2019/09/04

Let n be the number of items to choose from. If you take k elements without repetition you can get n C k different sets or combinations with n C k the binomial coefficients. If you take the elements with repetition allowed you can get (n+k-1) C k different multisets. Jared McComb asked to arrange the multisets as a rectangle so that all neighboring multisets only differ in one element.

The number of matching sides and therefore the difficulty to find a solution essentially depends on the side lengths of the rectangles. A (w x 1) rectangle looks like a chain and has only w-1 touching sides but a (a x b) rectangle with a*b=w has (a-1)b+a(b-1) of them. Therefore chains are easily to solve and almost squares are hard.

For chains of small multisets a systematic appraoch seem to be possible. If each piece has only two neighbors or less it's easy to meet the condition that neighboring pieces differ in only one element.

Let (a,b) with 1<=a<=b<=n a multiset of cardinalty 2 from n objects. We can start with a chain like this: (1,1) (1,2) (2,2) (2,3) (3,3)...(n-1,n-1) (n-1,n) (n,n) In this chain pieces (a,b) witb b>a+1 are missing. If a=1 they can be inserted between (1,1) and (1,2). If 2<=a<=n the pieces can be inserted between (a-1,a) and (a,a), This way all pieces are placed.

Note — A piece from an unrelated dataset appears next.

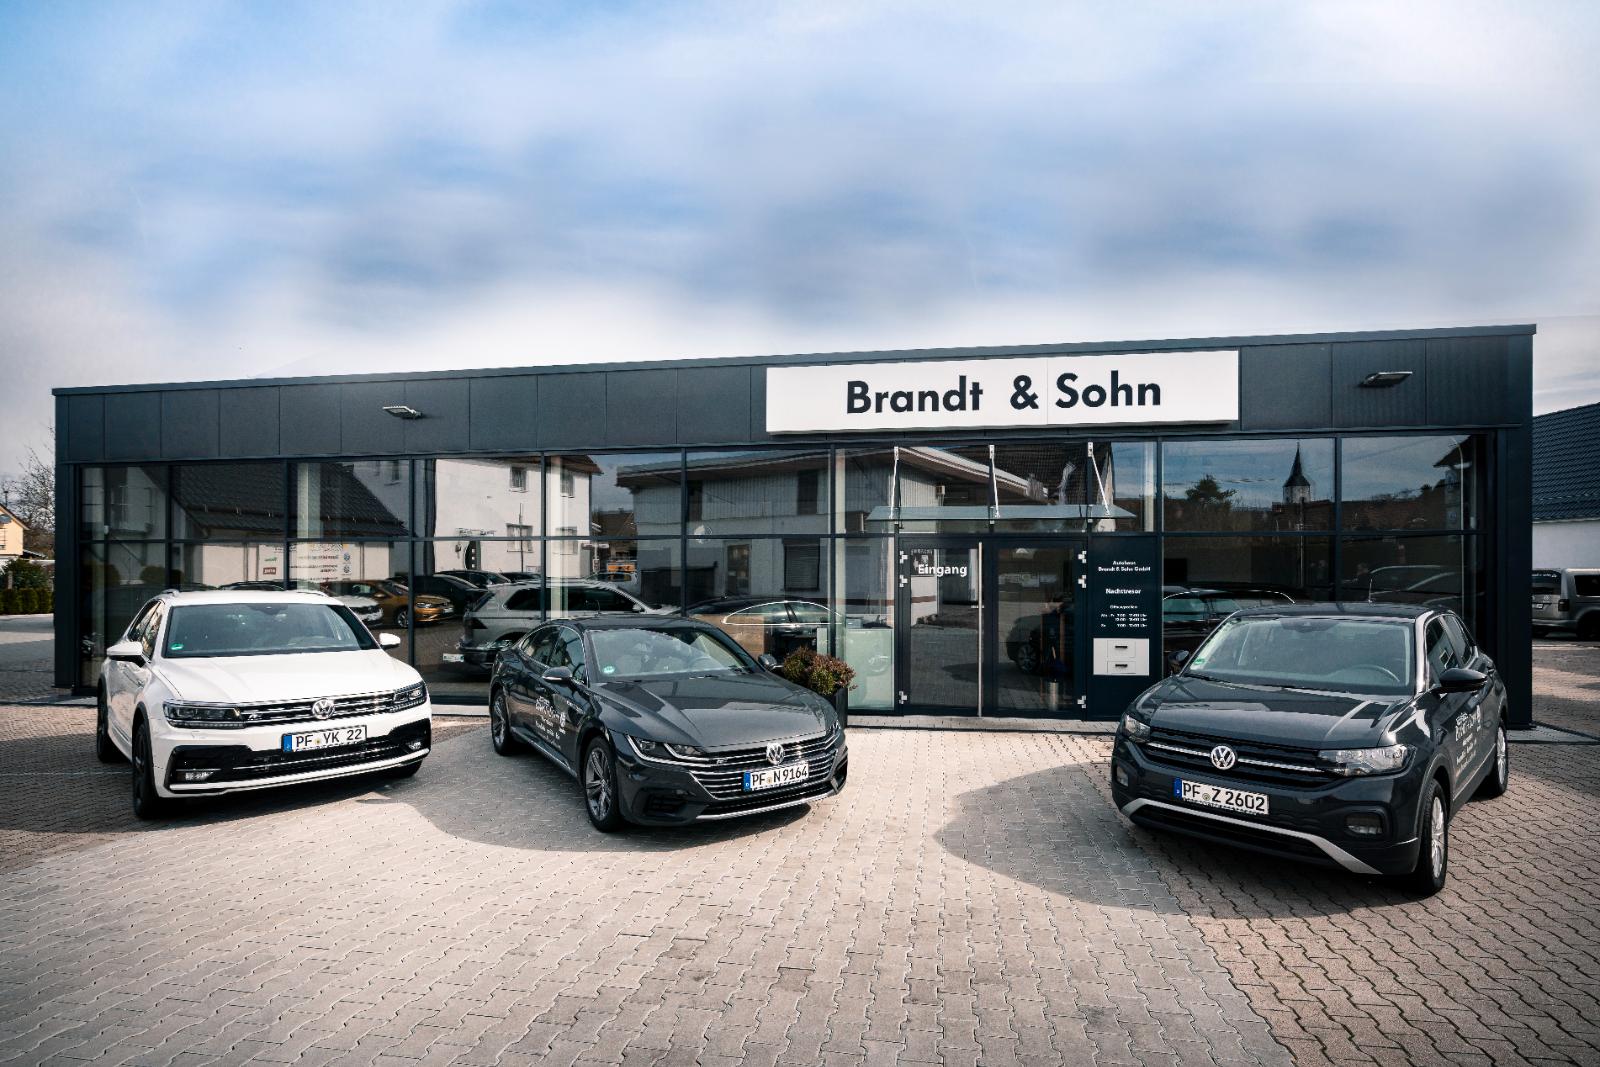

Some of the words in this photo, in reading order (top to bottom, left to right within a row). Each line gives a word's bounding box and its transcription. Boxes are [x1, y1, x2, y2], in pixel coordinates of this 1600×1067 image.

Let (a,b,c) with 1<=a<=b<=c<=n a multiset of cardinality 3 from n objects. For a chain of these pieces a systematic approach is also possible. First we take all pieces with three or two equal elements. With these pieces we can get a chain like this: (1,1,1)(1,1,n)(1,1,n-1)...(1,1,2)(1,2,2)(2,2,2)(2,2,n)...(2,2,3)(2,3,3)(3,3,3).... ...(n-2,n-2,n-2)(n-2,n-2,n)(n-2,n-2,n-1)(n-2,n-1,n-1)(n-1,n-1,n-1)(n-1,n-1,n)(n-1,n,n)(n,n,n) For each a>1 just before (a,a,a) the piece (a-1,a,a) is inserted and all other pieces with two "a-1" are placed in descending order between (a-1,a-1,a-1) and (a-1,a,a). What about the pieces (a,b,b+1)...(a,b,n) with three different elements. They can be inserted between (a,a,b+1) and (a,a,b) in the chain above. Because of the chosen descending order in each section such a pair of neighboring pieces is always available.

For further rectangles I wrote a program to find solutions by backtracking. Click the pictures to see solutions for multisets of cardinality from 2 up to 4. For "multisets" with only one element the matching condition if fulfilled by definition.

Beside the rectangles you can construct spirals of width 1, 2 and 3. The space to display such structures is much smaller than the space needed for long rectangles.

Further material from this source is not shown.